Solution methods for static and dynamic structural analysis on distributed memory computers

Increasingly large and complex finite element problems require the computational power of parallel computers. This thesis studies solution methods for static and dynamic structural finite element analysis on a distributed memory parallel computer.; Sparse matrix methods seek to exploit the large number of zero entries by eliminating the storage and computation of the zero entries in the matrix factor. A row oriented sparse matrix factorization scheme is developed to solve the typically sparse, symmetric, and positive definite global stiffness matrix resulting from finite element structural analysis.
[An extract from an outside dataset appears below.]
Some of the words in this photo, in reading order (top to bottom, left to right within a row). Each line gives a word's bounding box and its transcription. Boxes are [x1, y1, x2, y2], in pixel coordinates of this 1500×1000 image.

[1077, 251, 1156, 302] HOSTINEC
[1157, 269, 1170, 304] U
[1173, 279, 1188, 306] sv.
This scheme is rich in vector dot products which is important to optimize performance on RISC processors. Results are presented from its implementation on both a workstation and a distributed memory parallel computer, the Intel iPSC/i860 hypercube.; In general, the forward and backward solution of triangular systems do not parallelize well due to the small amount of work involved in the solution of a triangular system and to the sequential nature of forward and backward substitution. In this work, we show that dense subblocks of the matrix factor can be inverted without any extra communication costs between processors, or increasing the fills in the sparse matrix factor. This partial matrix factor inversion significantly reduces the amount of time required for a forward and backward solution on a distributed memory parallel computer. This is particularly important for problems with more than one right hand side vectors.; The analysis of natural frequencies and modes of vibration in structural dynamics is often posed as a generalized eigenproblem. Lanczos algorithm has become the preferred method to solve the resulting generalized eigenvalue problem in finite element structural dynamics. A parallel Lanczos algorithm is implemented on the Intel iPSC/i860 hypercube. This algorithm includes a spectral shift to improve the convergence and relies on partial and external selective reorthogonalization. The partial matrix factor inverse is also included in the implementation of Lanczos algorithm. The vector solution phase is shown to dominate the time required to solve for the eigenvalues and associated eigenvectors using Lanczos algorithm.